(Dataset entries)
◆ ◆ ◆ ◆

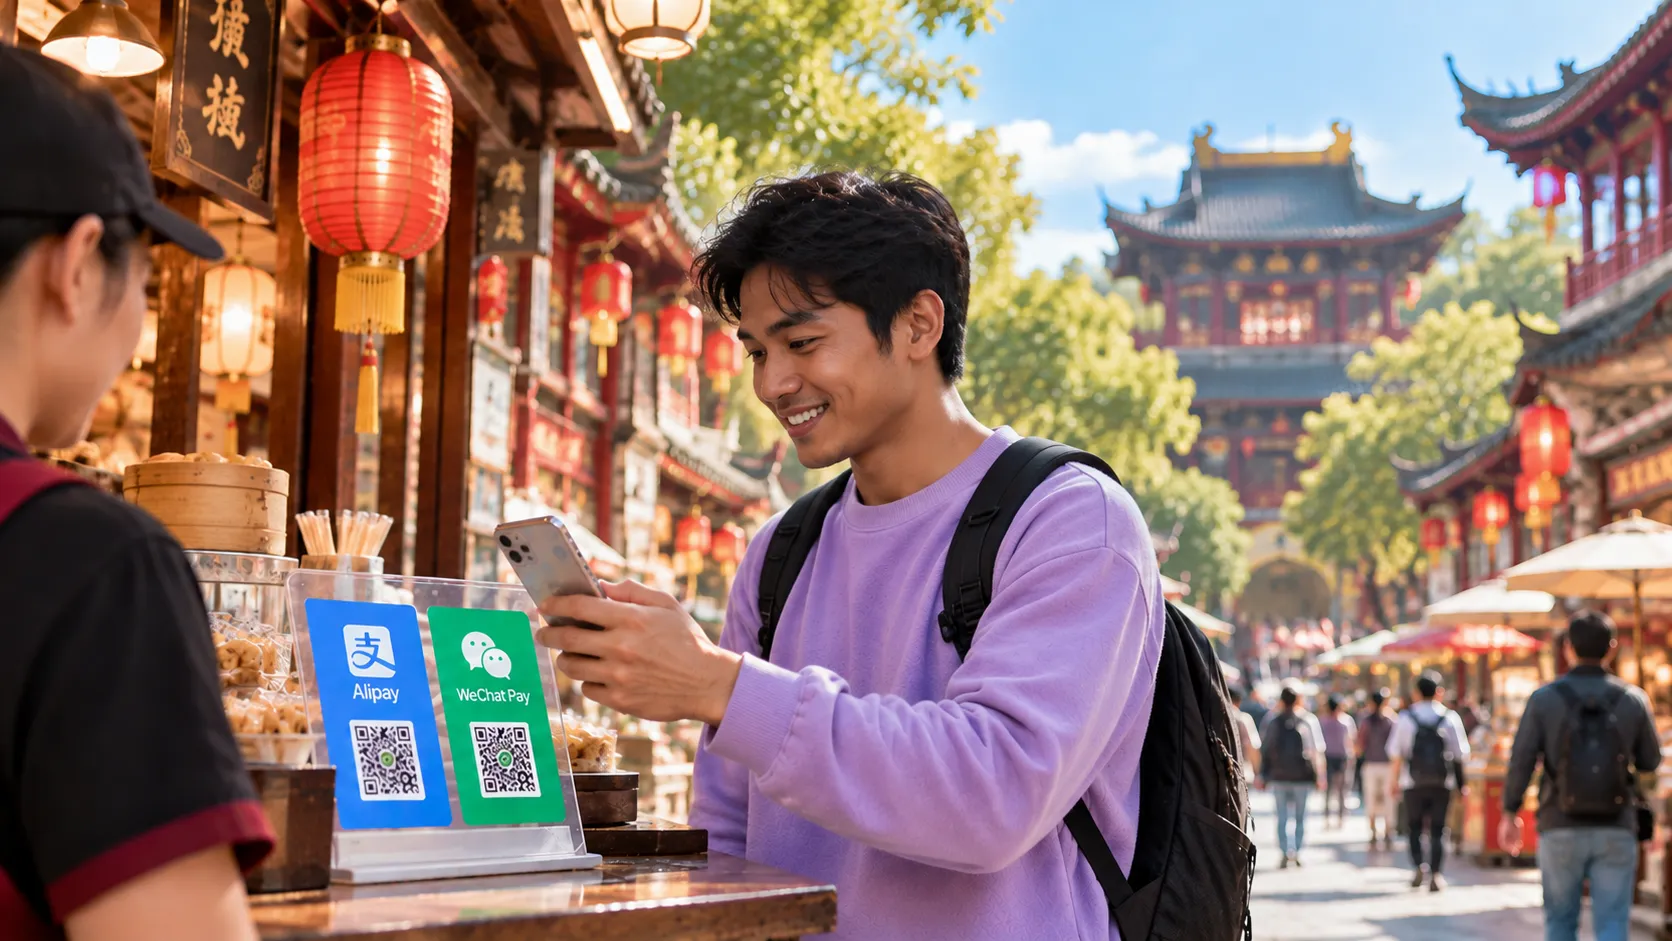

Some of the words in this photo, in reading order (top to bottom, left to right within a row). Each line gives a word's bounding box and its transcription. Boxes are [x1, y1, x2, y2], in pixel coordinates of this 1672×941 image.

[351, 632, 396, 669] 支
[353, 683, 399, 704] Alipay
[456, 688, 506, 702] WeChat
[507, 689, 530, 706] Pay
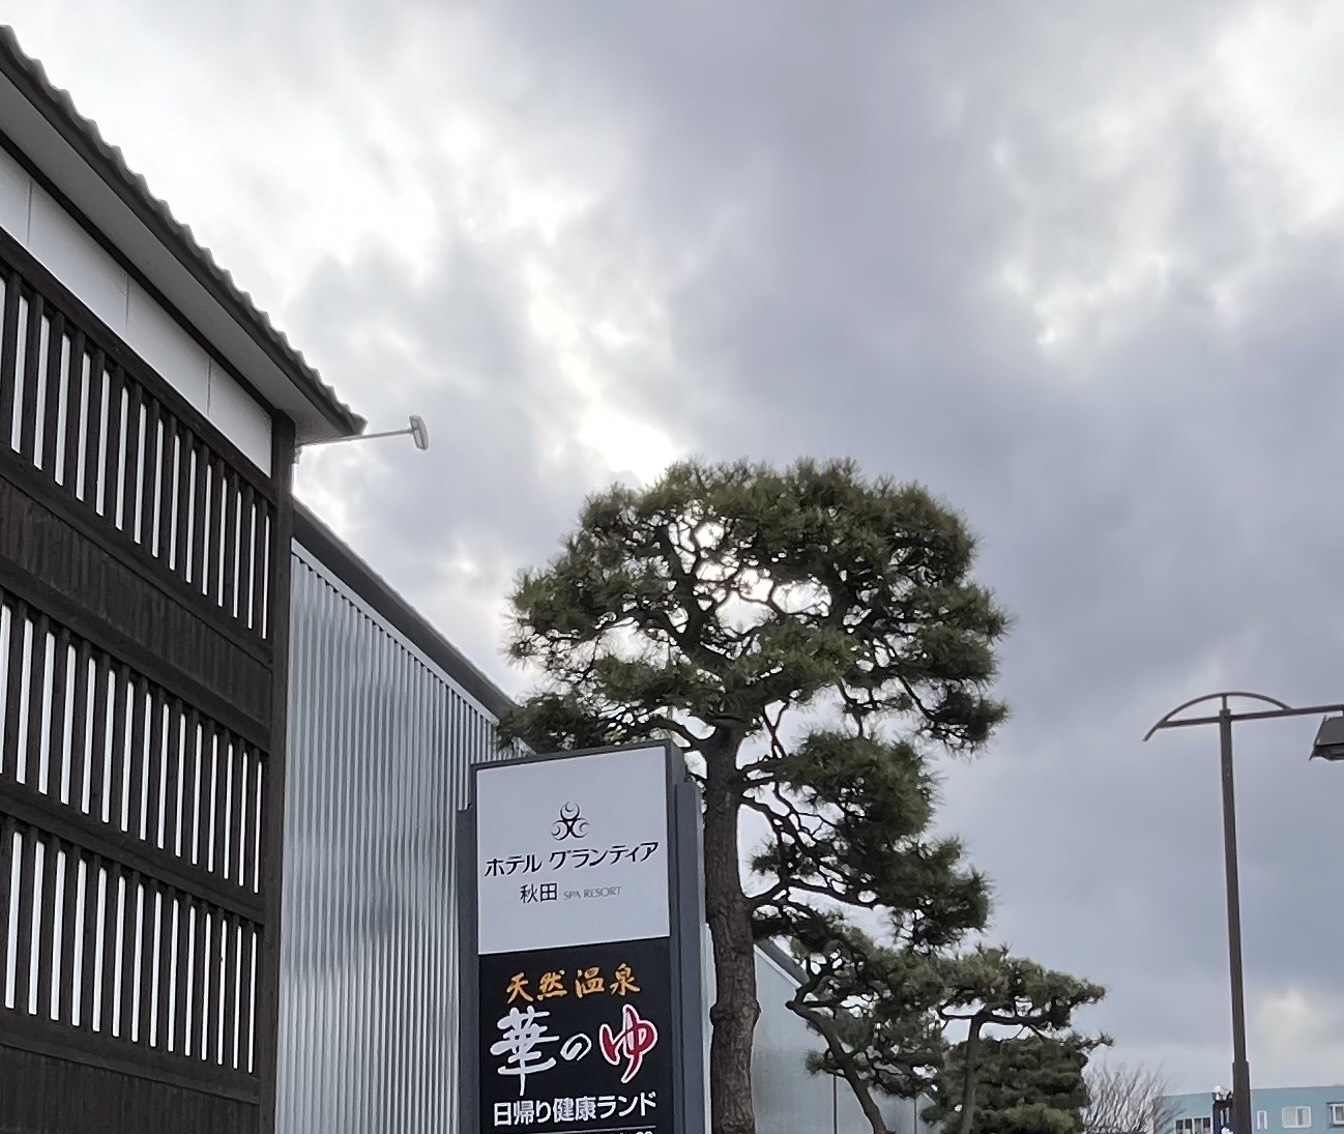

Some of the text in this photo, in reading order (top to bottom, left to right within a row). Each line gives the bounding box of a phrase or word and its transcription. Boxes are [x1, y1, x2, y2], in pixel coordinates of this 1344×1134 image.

[484, 841, 659, 877] ホテル グランティア
[520, 883, 622, 904] 秋田 SPA RESORT
[507, 963, 641, 1004] 天然温泉
[490, 1003, 658, 1096] 華のゆ
[493, 1091, 657, 1127] 日帰り健康ランド

◆ ◆ ◆ ◆

Try it: Could you set down the data exactly as given, minus its pictures?

Output:
Some of the words in this photo, in reading order (top to bottom, left to right within a row). Each line gives a word's bounding box and its transcription. Boxes are [x1, y1, x2, y2], in pixel coordinates of this 1672×941 image.

[351, 632, 396, 669] 支
[353, 683, 399, 704] Alipay
[456, 688, 506, 702] WeChat
[507, 689, 530, 706] Pay

Some of the text in this photo, in reading order (top to bottom, left to right within a row). Each line gives the bounding box of a phrase or word and its transcription. Boxes are [x1, y1, x2, y2], in pixel coordinates of this 1344×1134 image.

[484, 841, 659, 877] ホテル グランティア
[520, 883, 622, 904] 秋田 SPA RESORT
[507, 963, 641, 1004] 天然温泉
[490, 1003, 658, 1096] 華のゆ
[493, 1091, 657, 1127] 日帰り健康ランド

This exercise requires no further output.